D. Un importante risultato dello studio Compass è stato certamente il dato della riduzione della mortalità. Quale pensa possa essere l’impatto di tale dato sulla pratica clinica del medico?
R. La cosa più straordinaria dello studio COMPASS, più che la riduzione della mortalità, è stata una consistenza incredibile, come poche volte si vede in cardiologia e nei recenti trials di cardiologia, una consistenza nella riduzione di tutti gli endpoint ben specificati. Una consistenza importante a tal punto da far interrompere precocemente il trial per un eccesso di beneficio. A questa riduzione di eventi e a questa consistenza si è assistito anche ad una riduzione della mortalità e tutto ciò non si è mai osservato nella terapia a lungo termine e con qualsivoglia associazione o strategia antitrombotica finora testata. Questo, ovviamente, è una prima dimostrazione che ha bisogno di ulteriori conferme, ma è un segnale che non si è mai registrato finora.
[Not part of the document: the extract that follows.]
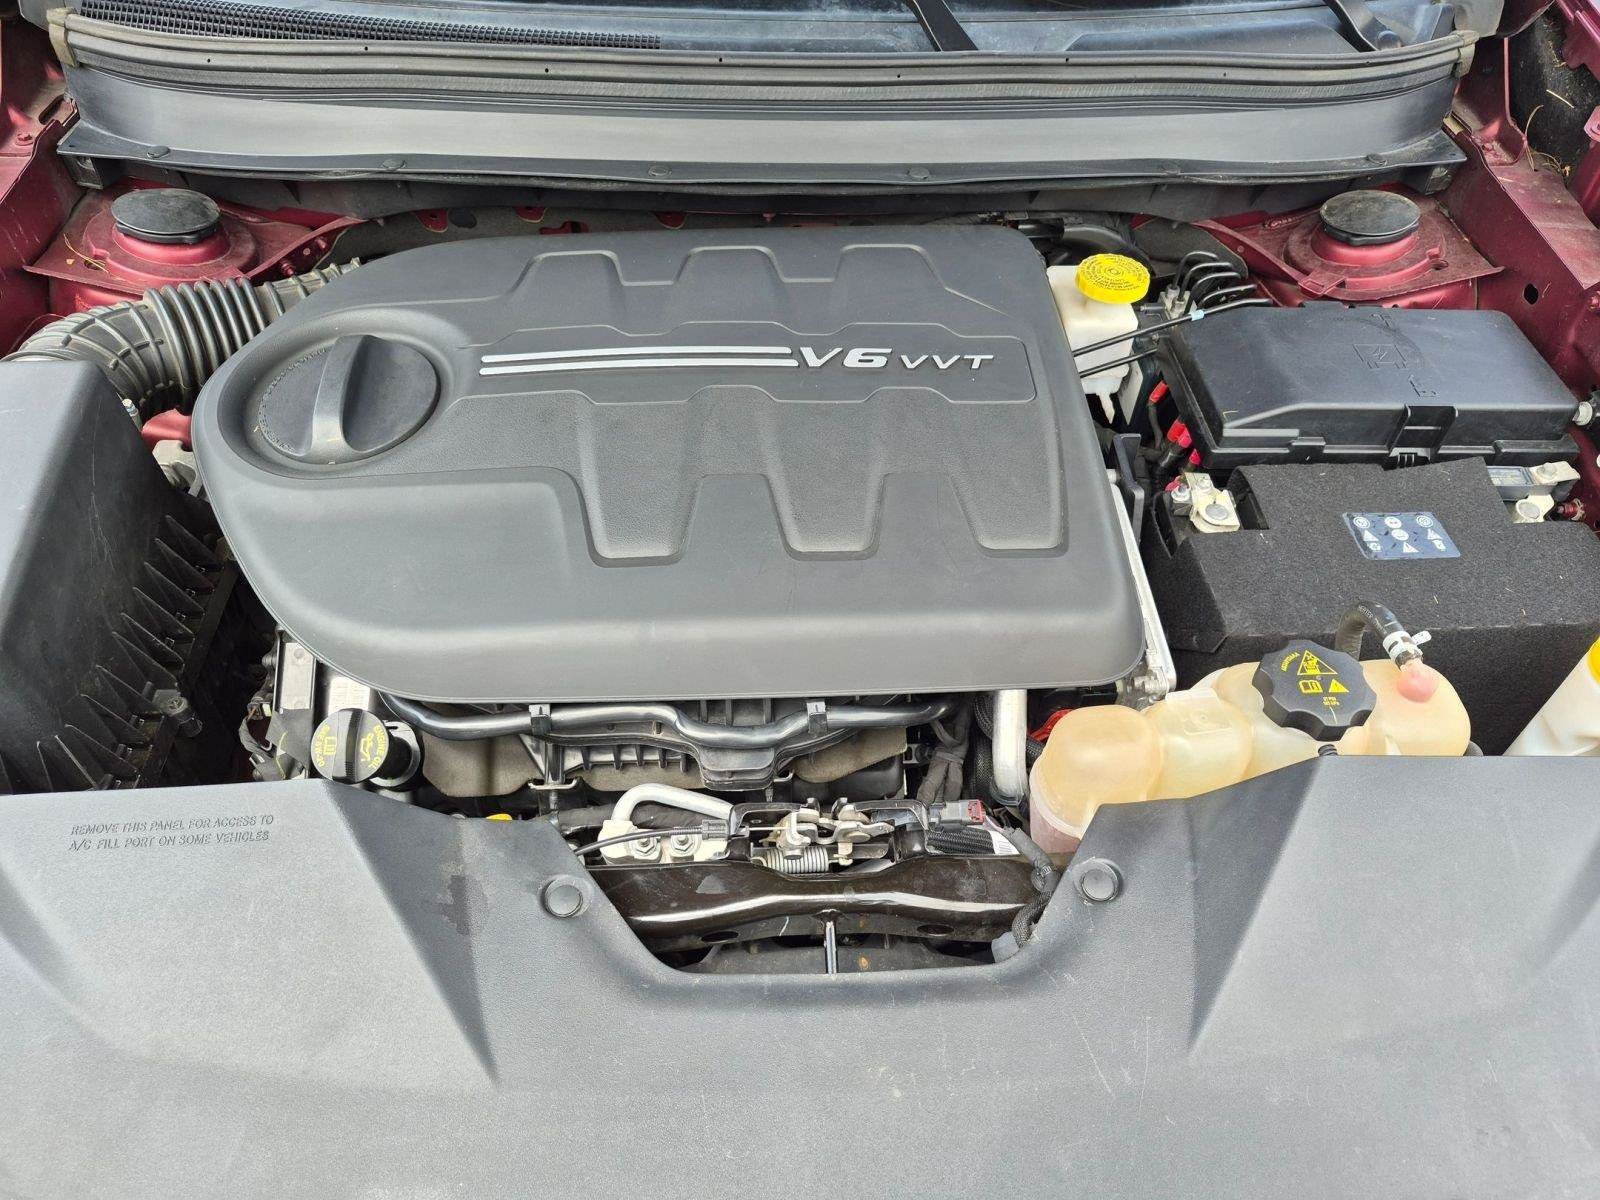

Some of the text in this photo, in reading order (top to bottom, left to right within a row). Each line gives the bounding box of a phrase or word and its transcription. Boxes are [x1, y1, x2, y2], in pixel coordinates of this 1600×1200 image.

D. L'aggiunta di un anticoagulante ad una terapia antiaggregante ha portato, come atteso, ad un aumento dei sanguinamenti. Vuole commentare questo risultato?
R. Questo è un qualcosa di assolutamente atteso più le terapie antitrombotiche sono potenti più i sanguinamenti non sono più l’effetto collaterale, ma sono l’effetto atteso. La cosa importante pe la valutazione e per l’approvazione di queste nuove strategie sono i sanguinamenti fatali intracranici, difatti non c’è stato alcun incremento né di sanguinamenti significativi né di sanguinamenti fatali e di sanguinamenti intracranici nel gruppo Rivaroxaban + ASA. Questo è un qualcosa che soprattutto nella fase cronica è molto attenzionata da parte dell’EMA e da parte di altri enti dal momento che si tratta in genere di pazienti anziani che assumono questo farmaco cronicamente e non c’è stato alcun segnale preoccupante. Sono incrementati i sanguinamenti, ma per lo più sono sanguinamenti di entità minore però è un effetto assolutamente atteso.